Because the symptoms of Aspergers (high-functioning autism) can be subtle, moms and dads may not recognize any differences in their youngster until he is age three or older. Pursuing a formal diagnosis is a family's individual decision to make. There is no “correct” time to form this decision, although many parents agree that they wish to know their youngster's diagnosis definitively and as early in their youngster's development as possible.

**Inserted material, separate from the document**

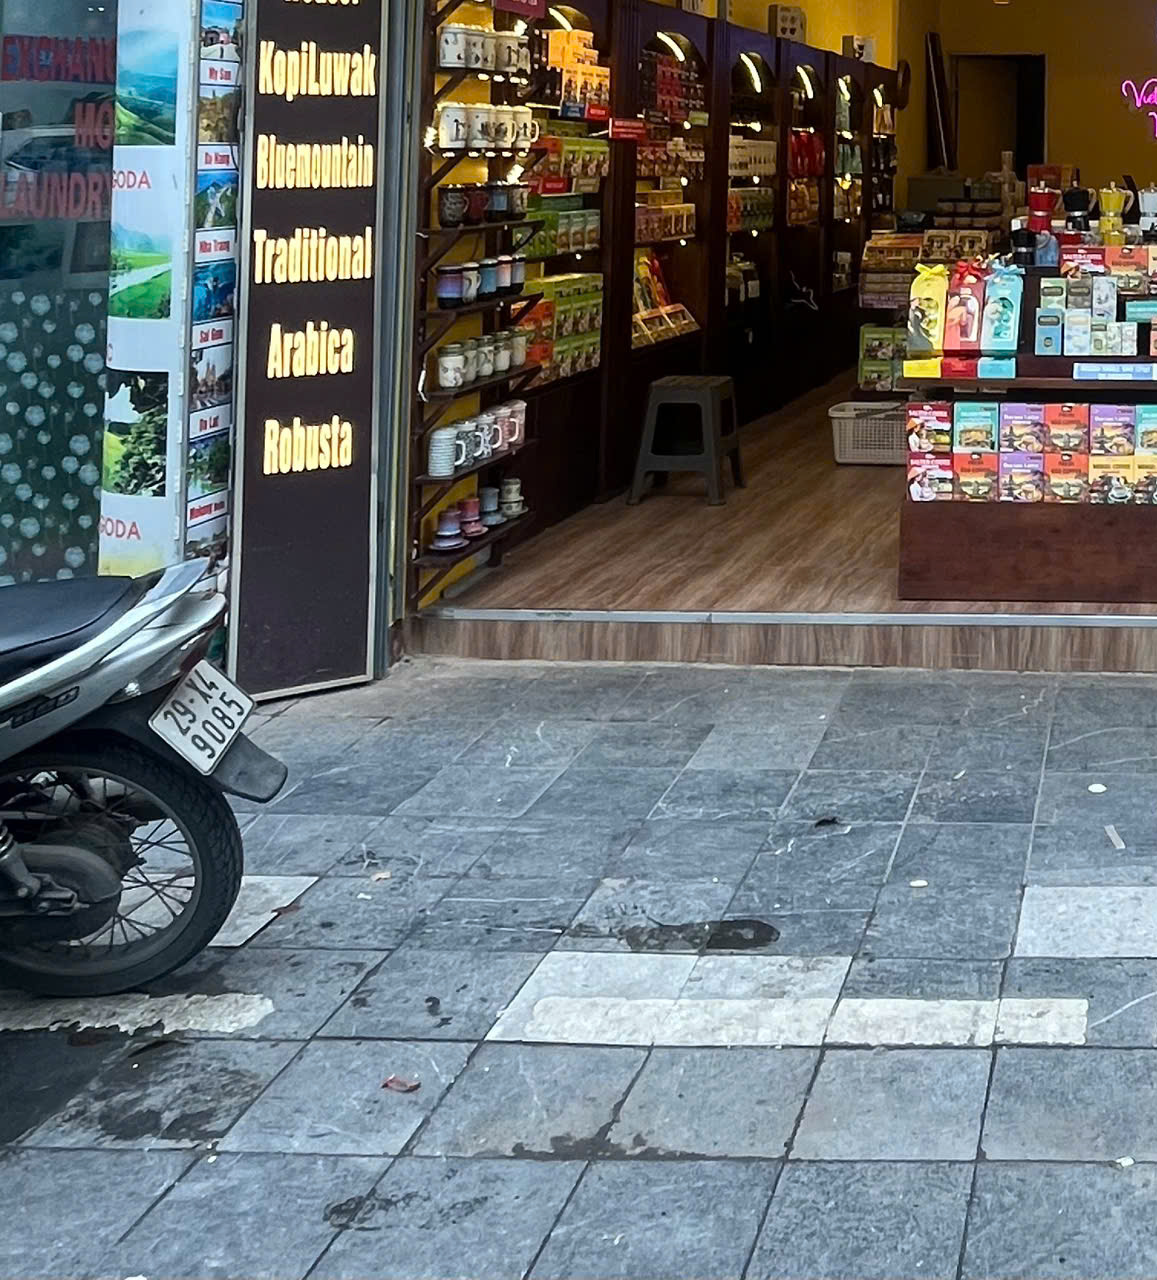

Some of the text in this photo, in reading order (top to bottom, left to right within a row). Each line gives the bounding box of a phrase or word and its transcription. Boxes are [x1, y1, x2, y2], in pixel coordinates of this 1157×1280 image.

If you are discovering that the criteria for Aspergers might have application for your youngster, then you are faced with a decision about seeking a diagnosis. You may not wish to pursue a formal diagnosis at this time for one or more of the following reasons:
- You are scared or in denial of the situation
- You are worried that your youngster will be stigmatized or singled out
- You don't believe in labeling people's diversity
- You don't feel that your youngster's differences are causing detriments in his life significant enough to obtain a diagnosis
- You'd rather wait to see if anything changes as your youngster continues developing
The benefits of obtaining a diagnosis may be:
- Accessing a system of services and supports designed to give your youngster a head start in life as early as possible
- Being able to educate family, friends, and neighbors about your youngster's unique way of being when appropriate
- Being able to educate your youngster in order to promote self-awareness and self-advocacy, as needed
- Being able to put a name and a framework to a collection of symptoms and traits instead of perceiving it all as your youngster's “bad behavior” or somehow your fault
- Understanding and appreciating sooner your youngster's lifelong unique qualities, personal needs, and talents
Grown-ups with Aspergers who were never diagnosed as kids often ask, “Would it have been helpful to have had the diagnosis at an early age?” We are still a long way from effectively understanding Aspergers in a global sense, but having this knowledge early on in the lives of many adults could have aided them to:
- Avoid struggles with mental health issues, or be better prepared to care for one's mental health
- Be better able to initiate and sustain relationships
- Be better equipped to locate viable employment opportunities that best match skills and talents
- Be better prepared for higher education, or trade school
- Be better prepared to avoid situations in which one may be unwittingly exploited
- Experience greater success in school
A group of children with Aspergers was asked a question: “Is it helpful to know you have Aspergers?” They were unanimous in explaining that it was helpful and cleared up a lot of misinterpretations people had about why they do what they do.
If you determine that Aspergers best describes your youngster's way of being and are interested in pursuing a diagnosis, your first course of action is to seek a referral to the appropriate clinician most qualified to make the diagnosis.